> [What is required]: Every entry should be duplicated verbatim, and no picture may appear in the copy.

====================

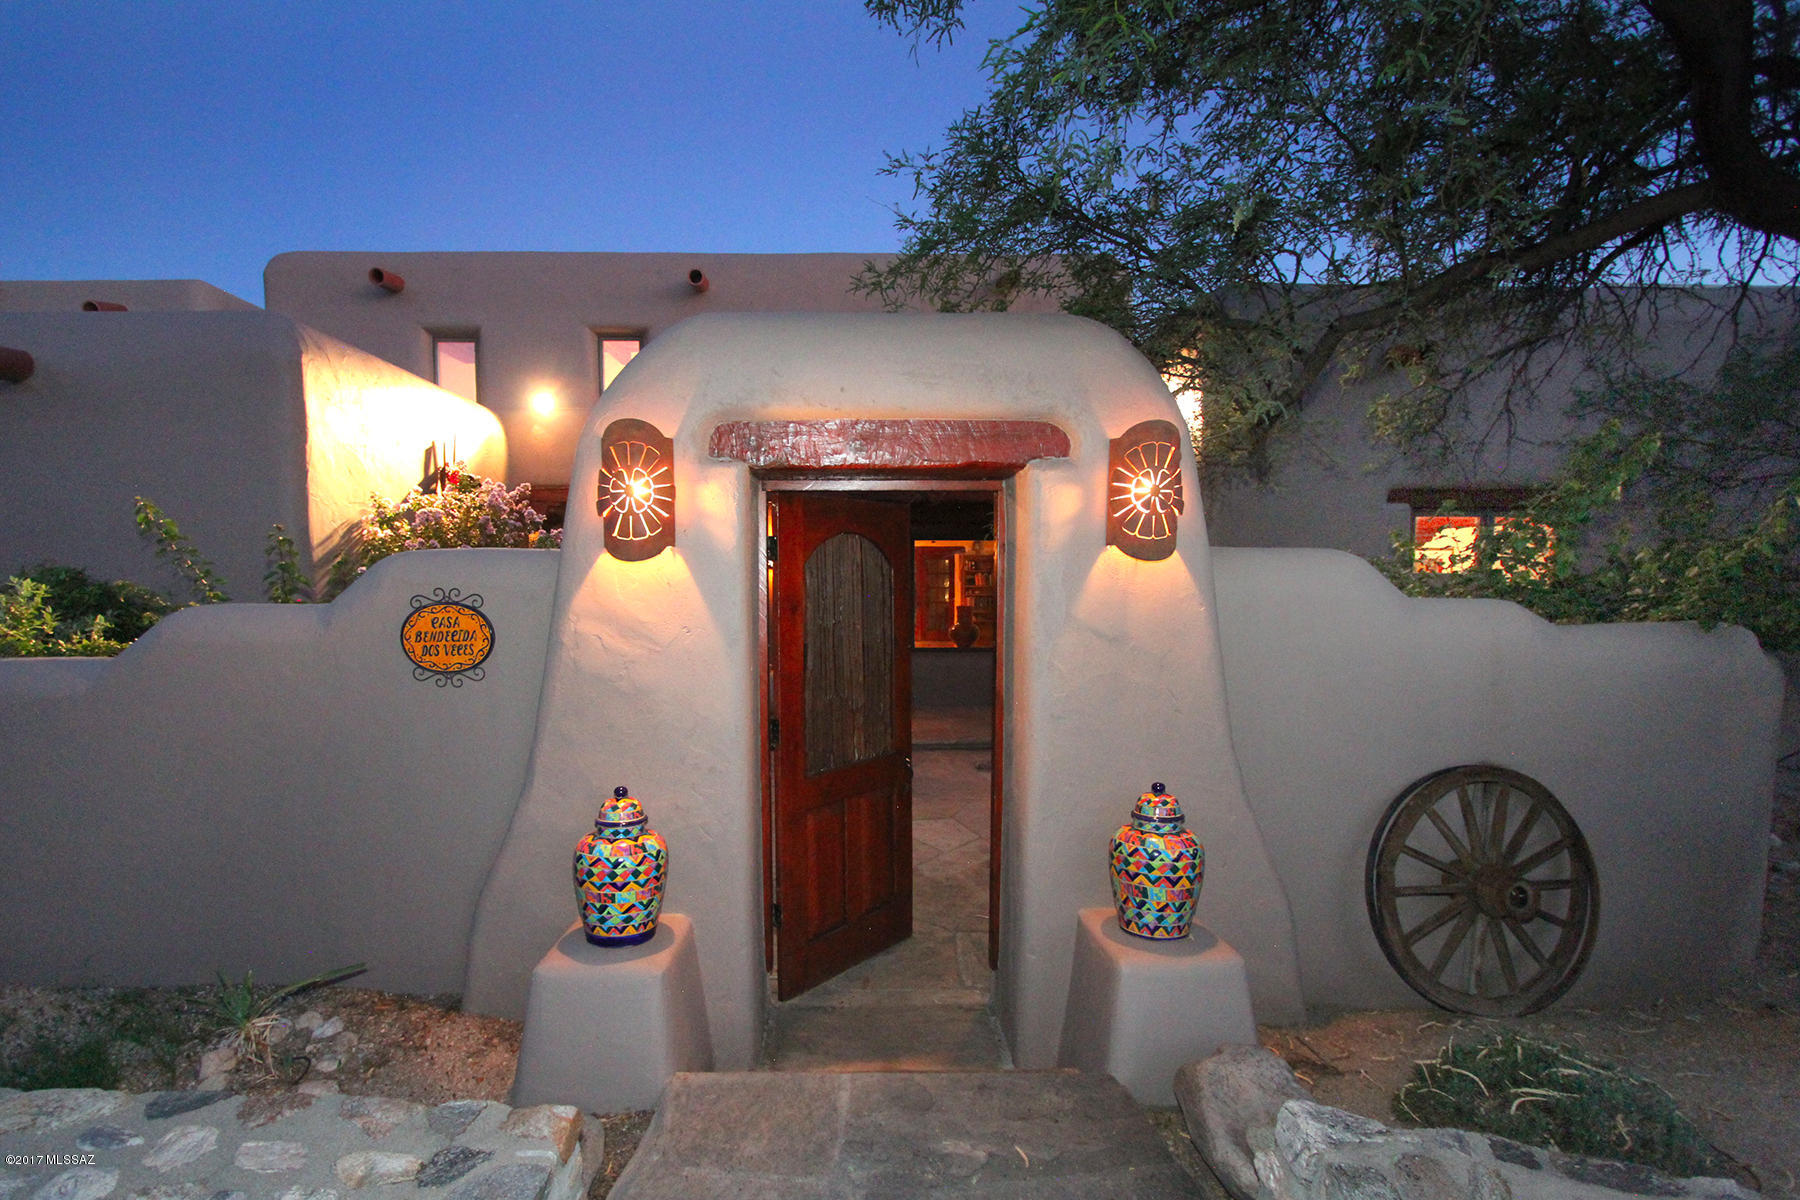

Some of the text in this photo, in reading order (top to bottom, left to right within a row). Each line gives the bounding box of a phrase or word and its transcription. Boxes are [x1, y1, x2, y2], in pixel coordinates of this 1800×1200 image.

[431, 616, 460, 629] CASA
[415, 629, 478, 643] BENDECIDA
[421, 643, 475, 657] DOS VECES
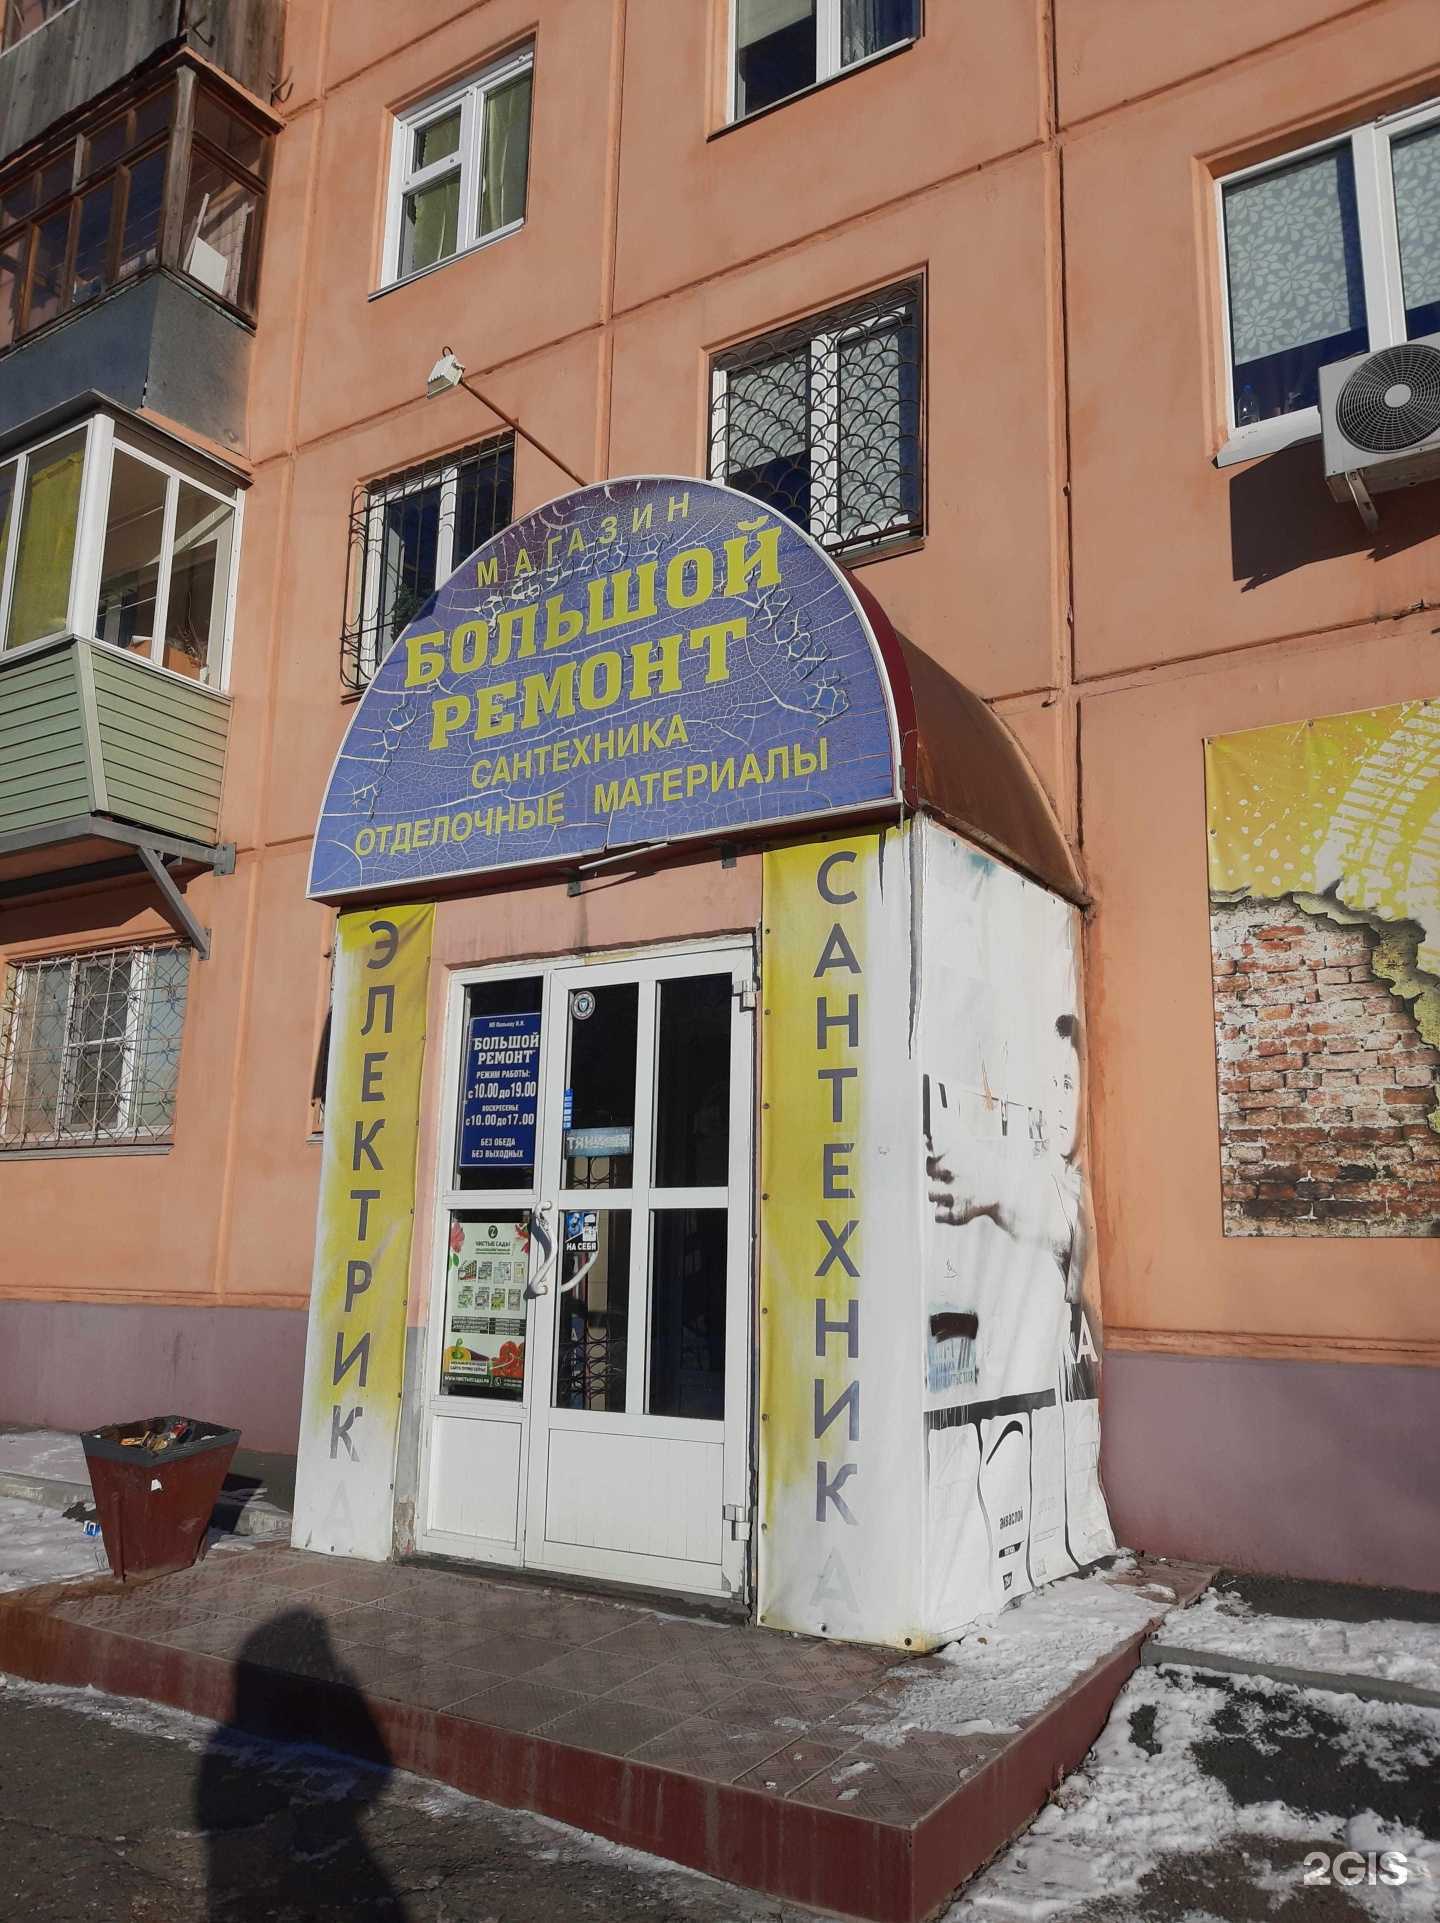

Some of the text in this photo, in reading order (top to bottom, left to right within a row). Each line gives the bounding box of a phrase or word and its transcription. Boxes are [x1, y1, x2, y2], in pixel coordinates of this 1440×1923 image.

====================

> [The answer]:
Some of the text in this photo, in reading order (top to bottom, left to right within a row). Each line gives the bounding box of a phrase or word and its transcription. Boxes are [x1, y1, x2, y2], in pixel coordinates of this 1800×1200 image.

[431, 616, 460, 629] CASA
[415, 629, 478, 643] BENDECIDA
[421, 643, 475, 657] DOS VECES

Some of the text in this photo, in reading order (top to bottom, left to right within a row). Each line gives the bounding box of a phrase or word and its transcription. Boxes are [x1, y1, x2, y2], in pixel coordinates of this 1440×1923 image.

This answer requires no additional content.